The Substance Abuse and Mental Health Services Administration (SAMHSA) branch of the U.S. Department of Health and Human Services has declared Feb. 12-18 “Honoring Children of Alcoholics Week.” From their flyer we learn that:
“An estimated 25 percent of all children in the United States are affected by or exposed to a family alcohol problem. COA (Children of Alcoholics) Week celebrates the recovery of the many thousands of children (of all ages) who have received the help they needed to recover from the pain and losses suffered in their childhood, and it offers hope to those still suffering from the adverse impact of parental alcohol and drug addiction.
“During COA Week, we acknowledge the millions of children affected by a parent’s substance use disorder and celebrate that there is hope and healing for these children now and throughout their lives.”
Family members who live with problem drinkers in Hawai‘i formed an organization to help them deal with the drinkers’ problems. It is Al-Anon Family Groups Hawai‘i. Their website is www.afghawaii.org.
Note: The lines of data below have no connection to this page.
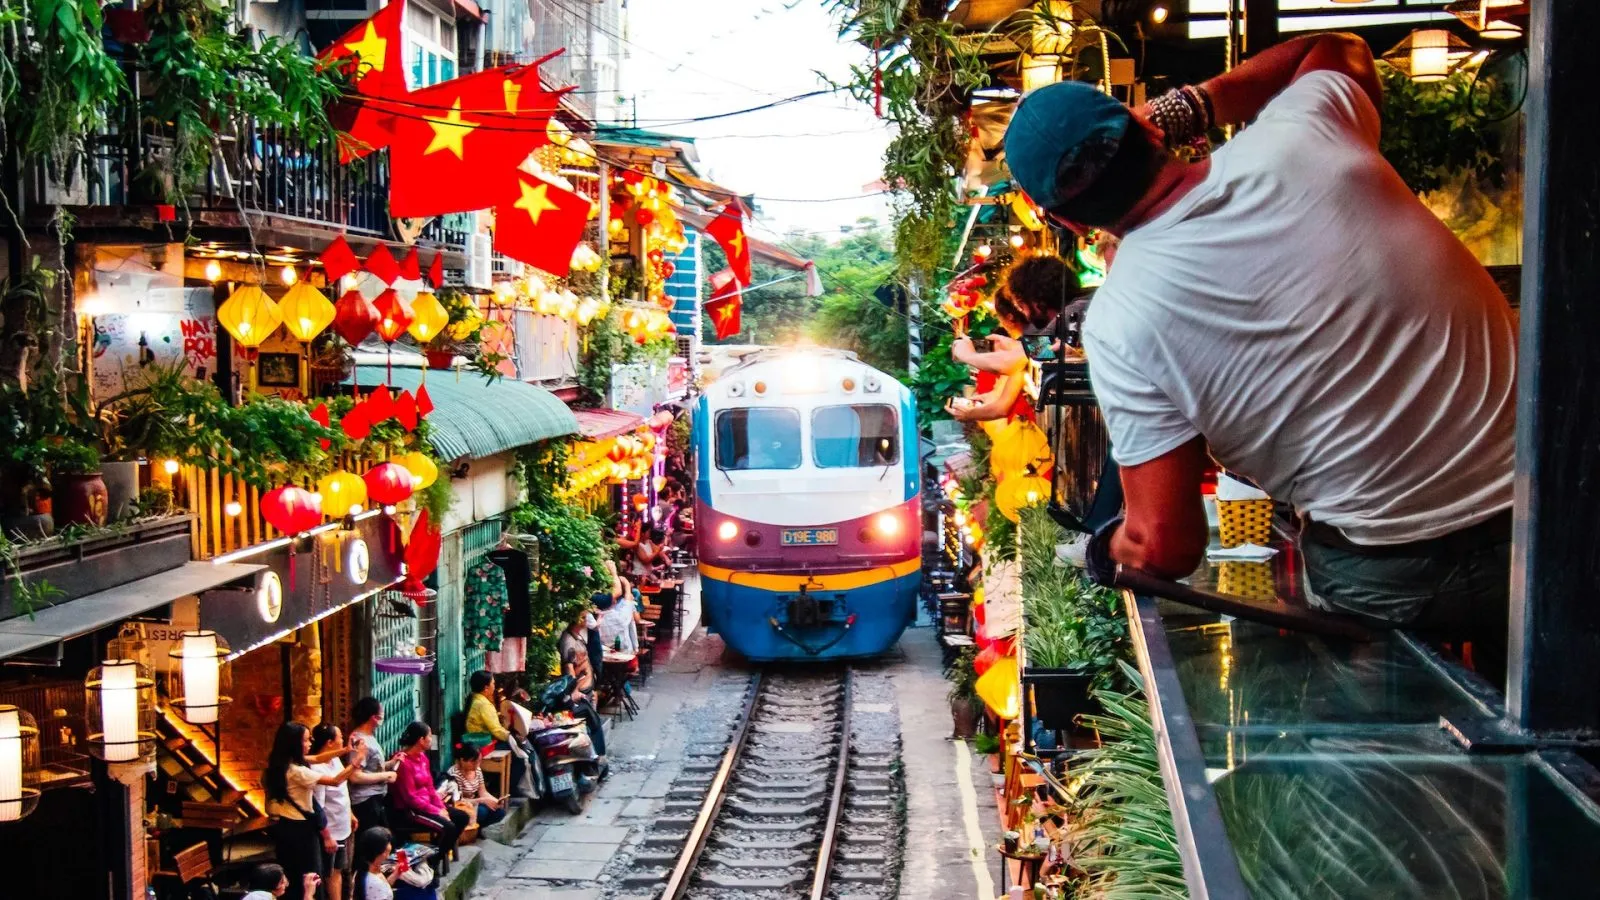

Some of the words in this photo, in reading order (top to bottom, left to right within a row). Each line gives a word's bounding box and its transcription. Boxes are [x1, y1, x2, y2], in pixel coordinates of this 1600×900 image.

[184, 338, 258, 360] POLND
[784, 530, 836, 543] D19E-980
[144, 629, 185, 641] OREST
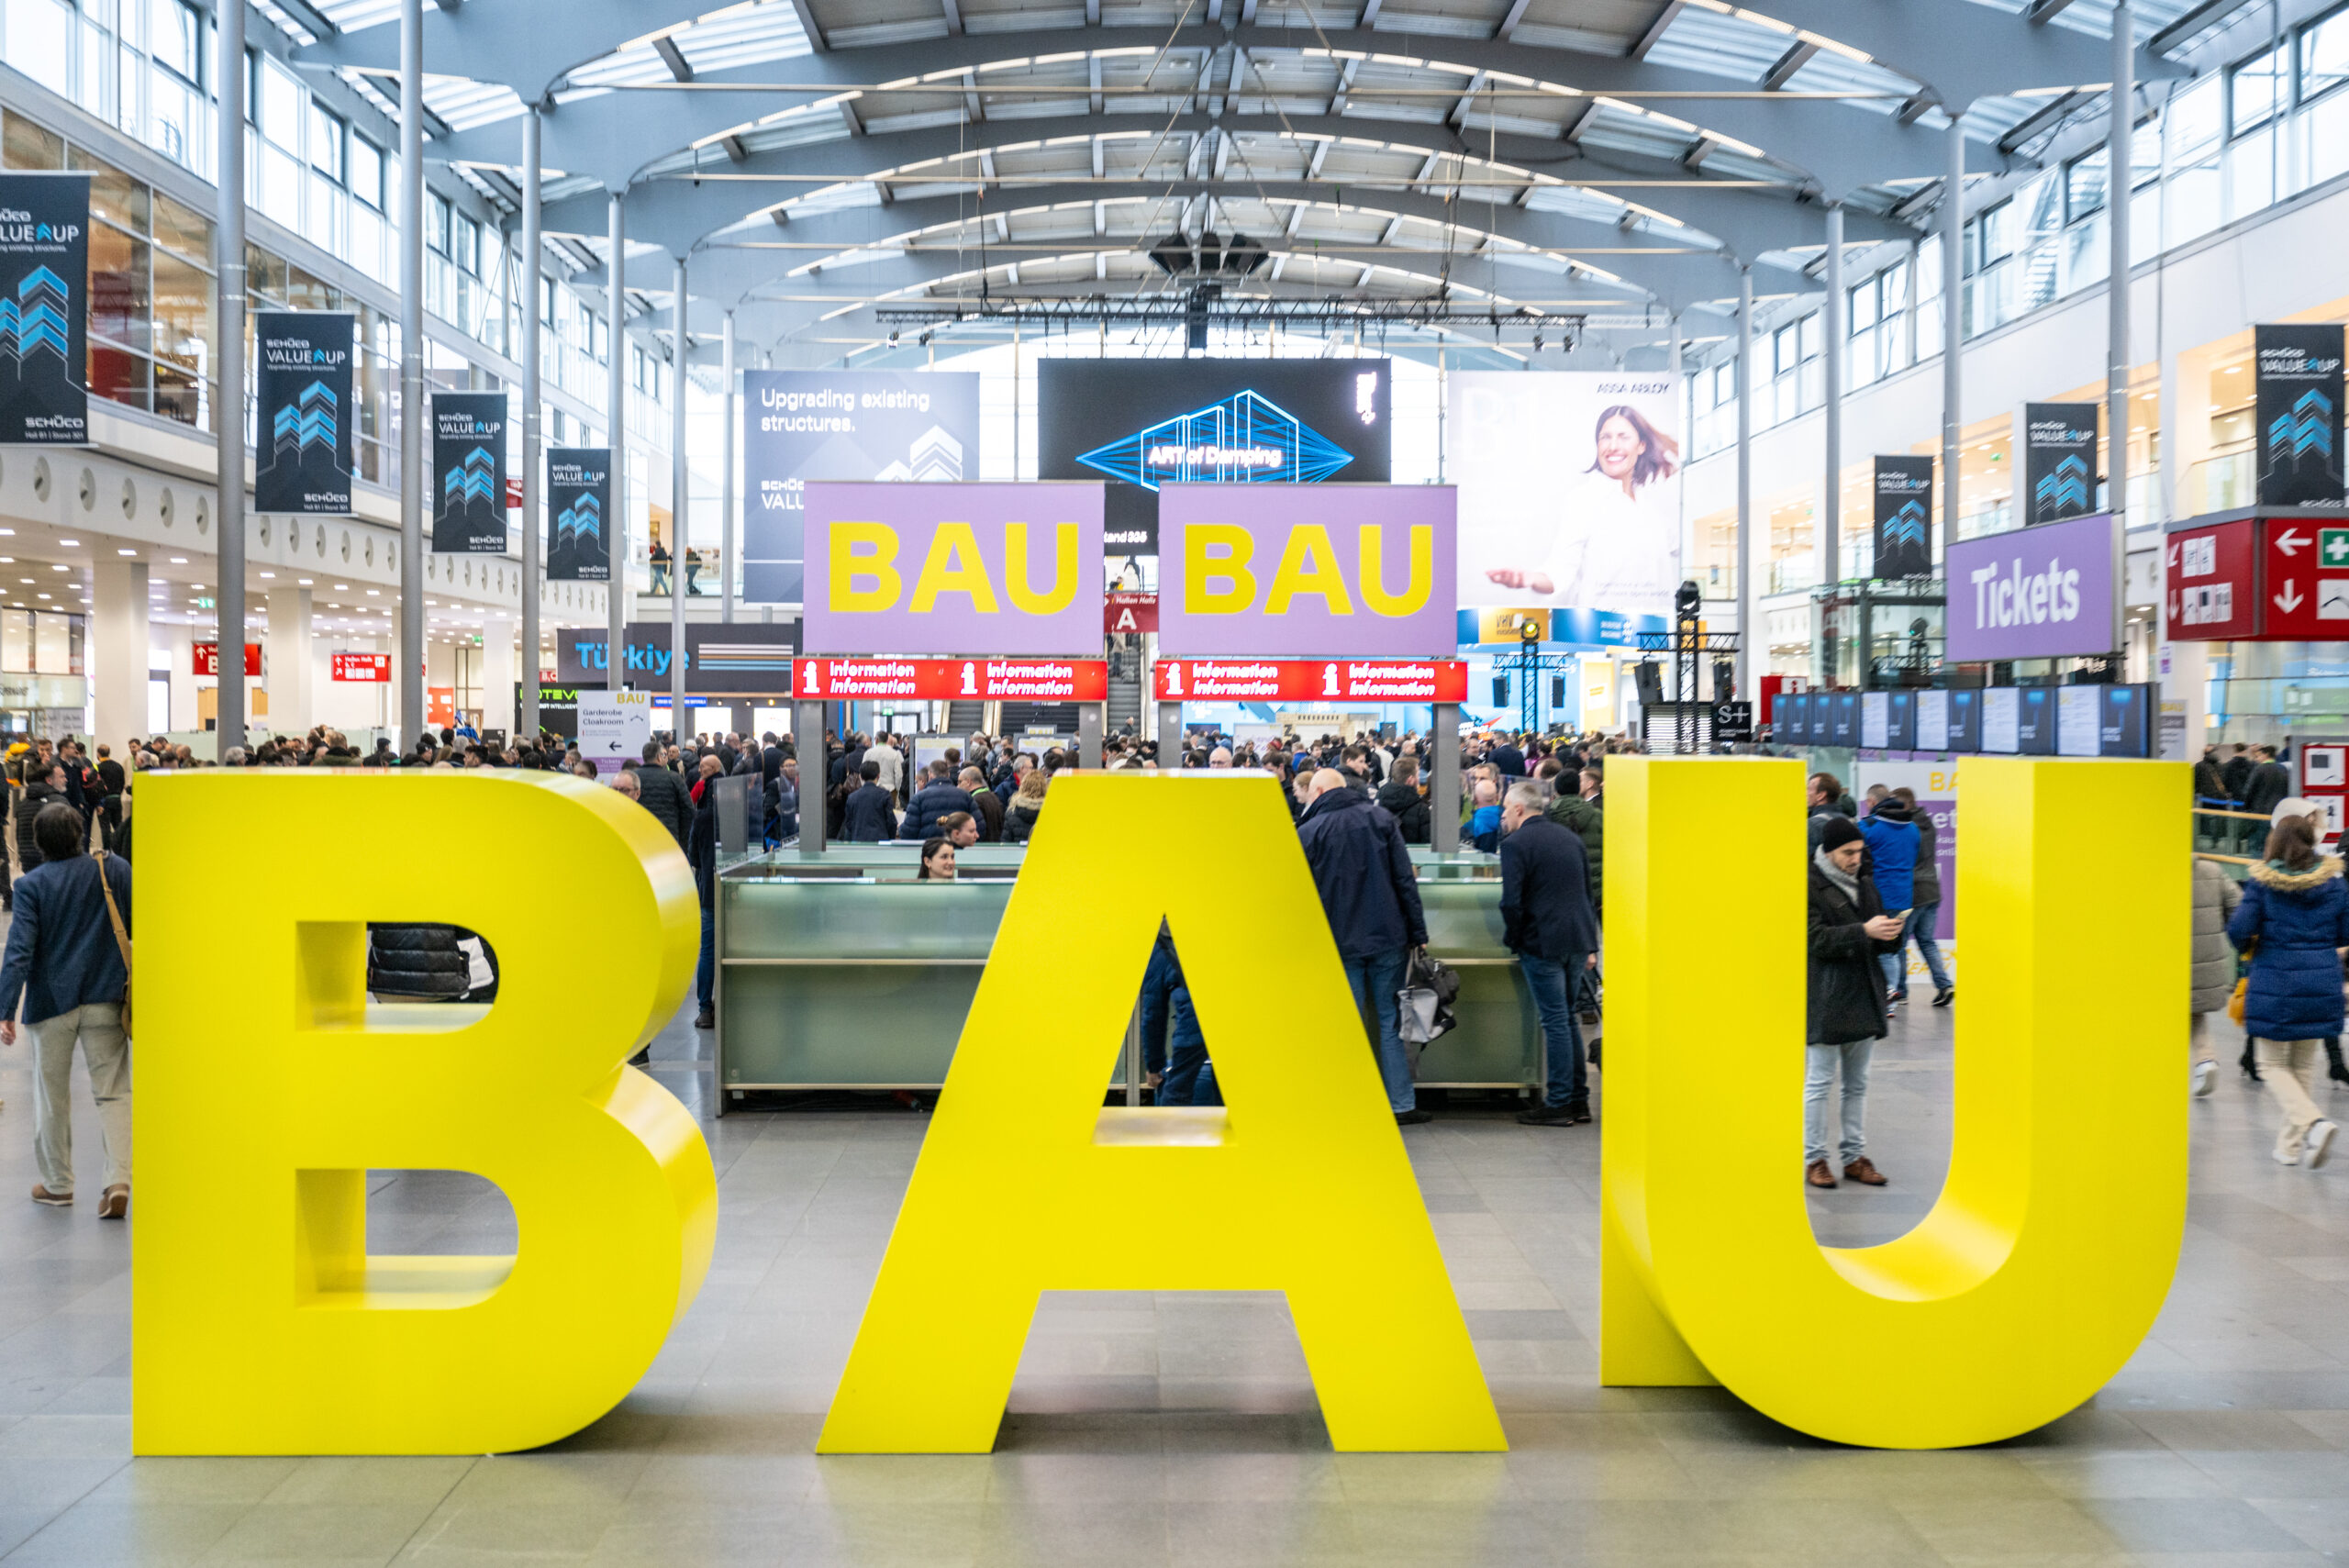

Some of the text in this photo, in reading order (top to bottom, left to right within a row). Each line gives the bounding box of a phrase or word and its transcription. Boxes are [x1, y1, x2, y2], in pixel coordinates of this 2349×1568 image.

[0, 224, 79, 243] LUE UP
[266, 349, 346, 364] VALUE UP
[762, 388, 930, 412] Upgrading existing
[25, 414, 83, 428] SCHÜCO
[439, 422, 501, 434] VALUE UP
[762, 415, 856, 432] structures.
[1149, 446, 1282, 468] ART of Damping
[552, 472, 606, 482] VALUE UP
[761, 478, 805, 491] SCHÜC
[304, 492, 348, 503] SCHÜCO
[761, 493, 805, 510] VALU
[1104, 531, 1127, 543] tand
[829, 521, 1079, 616] BAU
[1185, 524, 1433, 617] BAU
[1971, 557, 2080, 630] Tickets
[1116, 607, 1137, 629] A
[575, 642, 690, 676] Tükiy
[829, 660, 915, 677] Information
[986, 661, 1073, 678] Information
[1193, 662, 1278, 678] Information
[1349, 662, 1435, 679] Information
[829, 677, 916, 694] Information
[986, 678, 1074, 695] Information
[1193, 678, 1278, 695] Information
[1349, 679, 1436, 695] Information
[617, 693, 645, 705] BAU
[583, 708, 622, 717] Garderobe
[1718, 705, 1750, 724] S+
[1930, 772, 1957, 792] BA
[132, 755, 2193, 1455] BAU
Alateen is Al-Anon for youth ages 12 through 18. There is a brand new Alateen group starting in March. Contact Kelly at 346-8903 or Mary at 346-6784 for more information. The only requirements for membership are that they are ages 12-18, and that they have a relative or friend with a drinking problem.
All meetings are anonymous and use only first names. Members are careful to protect each other’s anonymity.
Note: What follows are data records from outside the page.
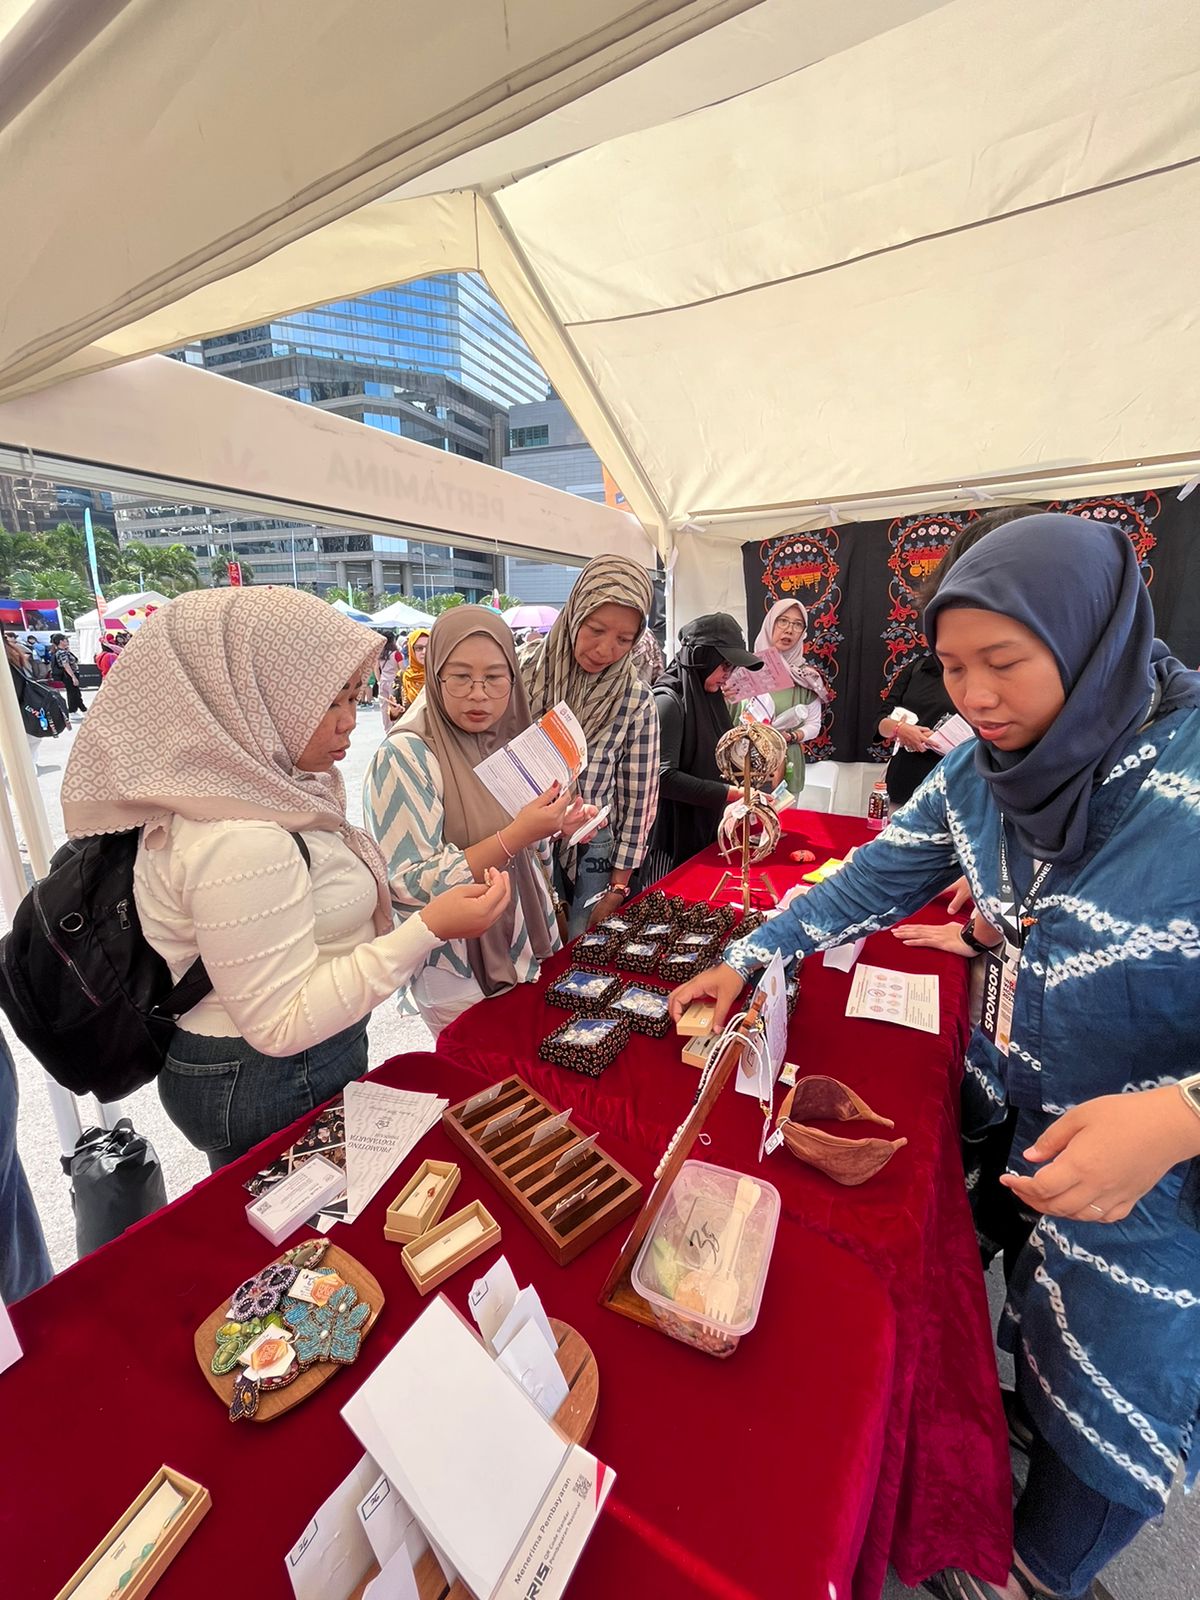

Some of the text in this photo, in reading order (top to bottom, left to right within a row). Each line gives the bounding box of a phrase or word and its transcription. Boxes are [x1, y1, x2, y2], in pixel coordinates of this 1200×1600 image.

[984, 964, 999, 1033] SPONSOR
[348, 1142, 392, 1153] PROMOTING
[350, 1134, 396, 1147] YOGYAKARTA
[514, 1477, 571, 1584] Menerima Pembayaran
[548, 1534, 559, 1550] Code
[556, 1511, 570, 1534] Standar
[549, 1501, 581, 1565] Pembayaran Nasional
They do not discuss religion or become involved with any outside organizations. They focus on solutions to the problems of their members.
Each Alateen group should have two sponsors who have been Al-Anon members for at least two years. Al-Anon is for adults whose lives have been affected by an alcoholic family member or close friend.
The sponsors don’t tell the Alateens how to run the meeting. They let the kids decide how to run the meeting, how often it will meet and how long each meeting will last. There is no fee.
If you are wondering if Alateen is for you, and you have a computer, go to www.afghawaii and click on the Alateen link on the left-hand side. When it opens ,scroll to the questionnaire.
It asks 20 questions such as: “Has someone’s drinking upset you?” “Do you stay out of the house as much as possible because you hate it there?” “Do you cover up your real feelings by pretending you don’t care?” “Do you feel neglected, uncared for or unloved?”If your answer is yes to any of these questions, Alateen might be for you.
Another handout, “Alateen Do’s and Don’ts,” offers some helpful hints for living with an alcoholic.
Some of the “do’s” for Alateens are: “Do remember you are not the only one with an alcoholic parent.” “Do learn all you can about alcoholism, a family disease.” “Do be honest with yourself and others.” “Do use your talents in ways that interest you.”
Here are some don’ts: “Don’t cover up for the alcoholic and take on responsibilities other than your own.” “Don’t try to make the alcoholic stop drinking — you can’t.” “Don’t argue with an active alcoholic.” “Don’t take it personally when the alcoholic blames you for drinking — any excuse will do.”
Youth on Kaua’i may also go to their school counselors for support.
Many times, teenagers think that they are the only ones living with a problem drinker, but one out of four children in the U.S. have that problem. There are many.
You might also be able to help a friend if you suspect that he or she is a child of an alcoholic.
Remember that you are not the problem, and that you deserve love, respect and good care.